**INSTRUCTIONS FOR THE TASK:** Each record that follows should be duplicated exactly, except for its pictures.

*** DATA FOR THE TASK Section Begins ***

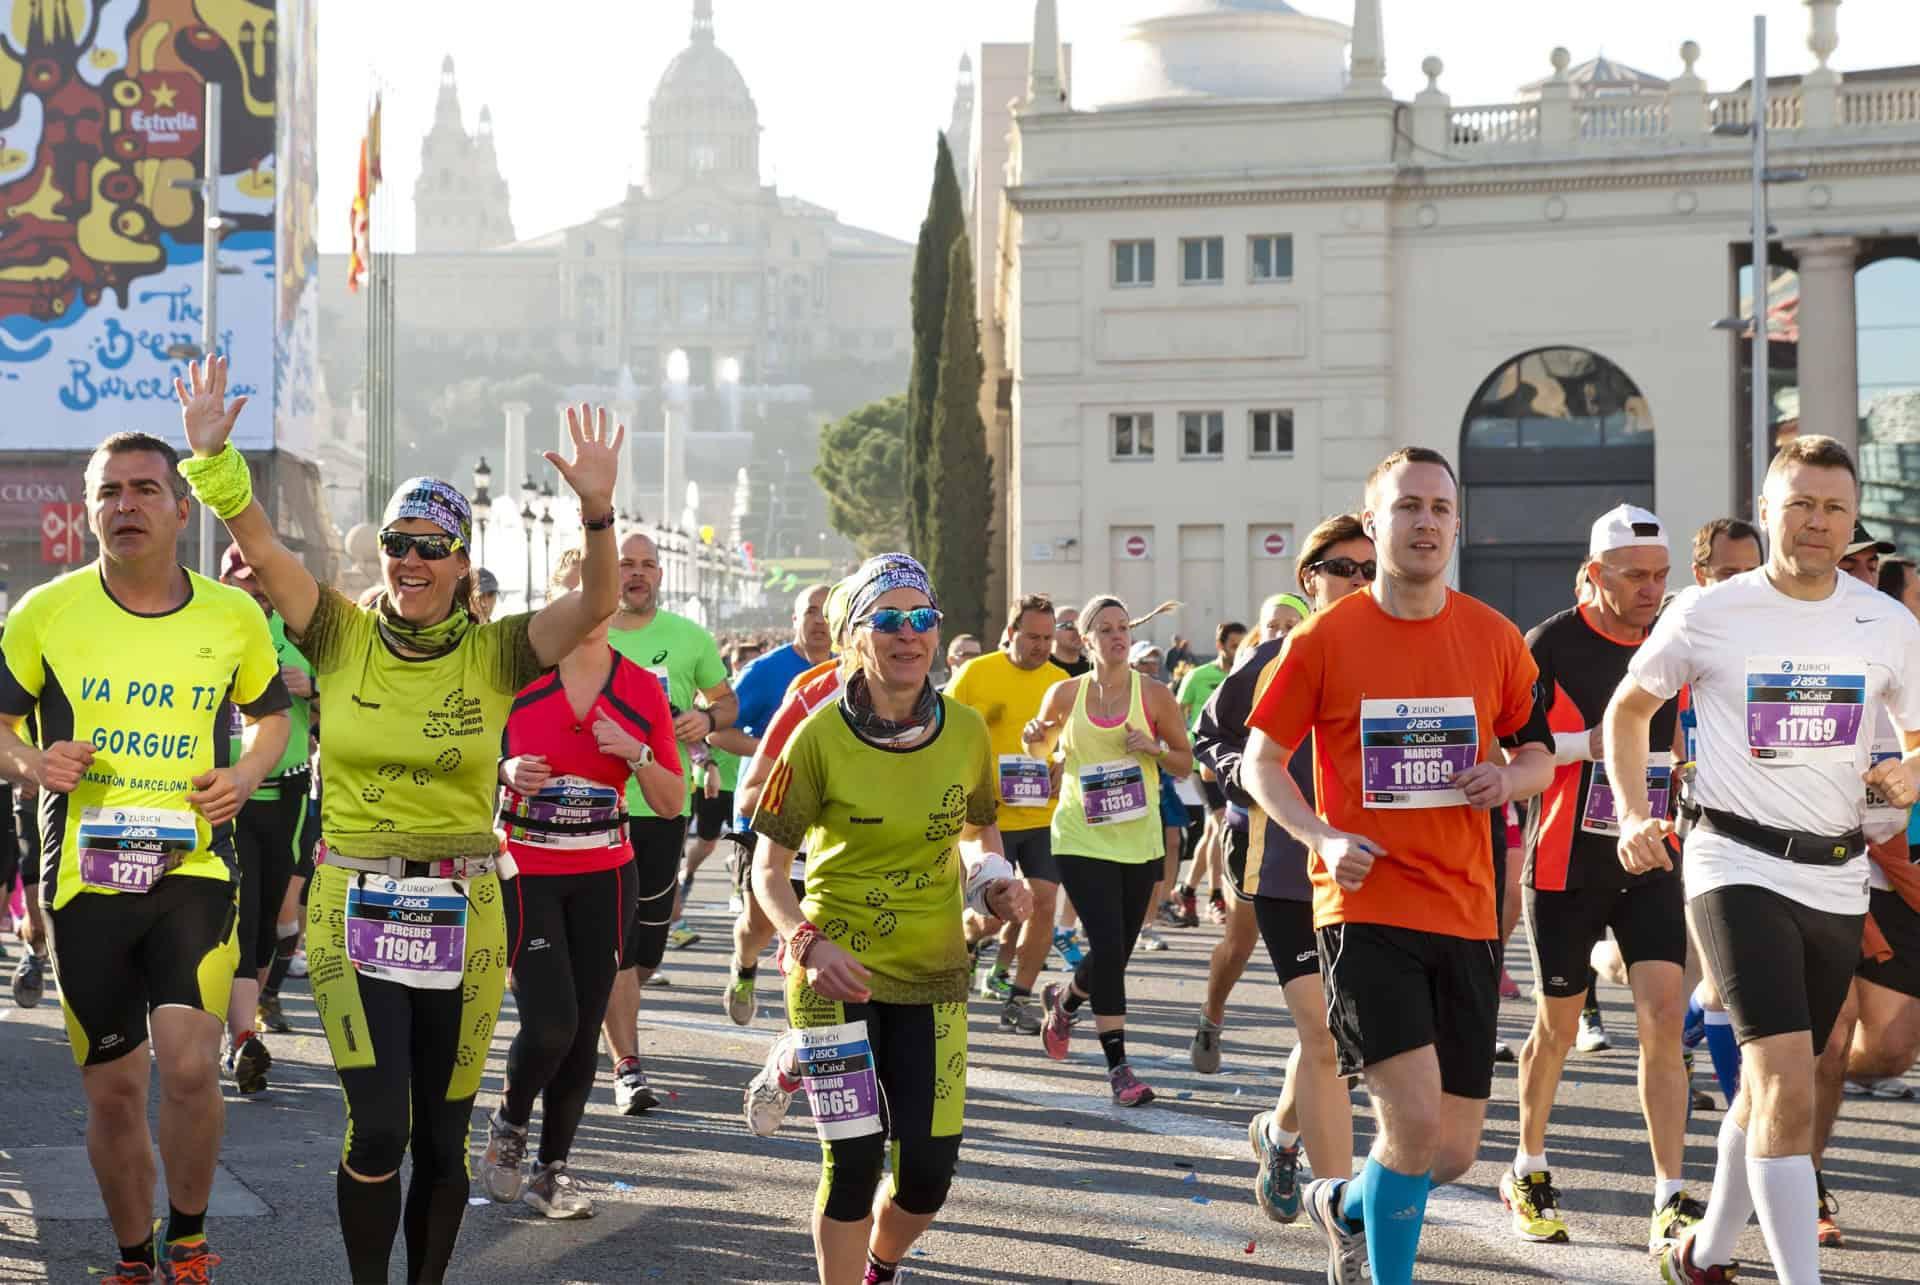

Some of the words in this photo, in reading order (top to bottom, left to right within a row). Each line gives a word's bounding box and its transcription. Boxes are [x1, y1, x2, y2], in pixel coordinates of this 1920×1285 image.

[131, 110, 197, 131] Estrella
[140, 284, 202, 321] The
[1797, 663, 1830, 672] ZURICH
[1801, 677, 1827, 686] asics
[82, 676, 111, 703] VA
[126, 681, 175, 709] POR
[192, 687, 216, 710] TI
[1412, 705, 1445, 714] ZURICH
[1416, 719, 1442, 729] asics
[1776, 717, 1837, 741] 11769
[92, 727, 199, 760] GORGUE!
[1403, 748, 1443, 759] MARCUS
[1392, 760, 1454, 785] 11869
[130, 777, 188, 792] BARCELONA
[128, 815, 161, 824] ZURICH
[118, 853, 158, 865] ANTONIO
[400, 883, 434, 894] ZURICH
[403, 896, 430, 908] asics
[384, 923, 432, 938] MERCEDES
[374, 936, 437, 964] 11964
[816, 1047, 839, 1059] asics

*** DATA FOR THE TASK Section Ends ***

**ANSWER SPACE:**
Some of the words in this photo, in reading order (top to bottom, left to right within a row). Each line gives a word's bounding box and its transcription. Boxes are [x1, y1, x2, y2], in pixel coordinates of this 1920×1285 image.

[131, 110, 197, 131] Estrella
[140, 284, 202, 321] The
[1797, 663, 1830, 672] ZURICH
[1801, 677, 1827, 686] asics
[82, 676, 111, 703] VA
[126, 681, 175, 709] POR
[192, 687, 216, 710] TI
[1412, 705, 1445, 714] ZURICH
[1416, 719, 1442, 729] asics
[1776, 717, 1837, 741] 11769
[92, 727, 199, 760] GORGUE!
[1403, 748, 1443, 759] MARCUS
[1392, 760, 1454, 785] 11869
[130, 777, 188, 792] BARCELONA
[128, 815, 161, 824] ZURICH
[118, 853, 158, 865] ANTONIO
[400, 883, 434, 894] ZURICH
[403, 896, 430, 908] asics
[384, 923, 432, 938] MERCEDES
[374, 936, 437, 964] 11964
[816, 1047, 839, 1059] asics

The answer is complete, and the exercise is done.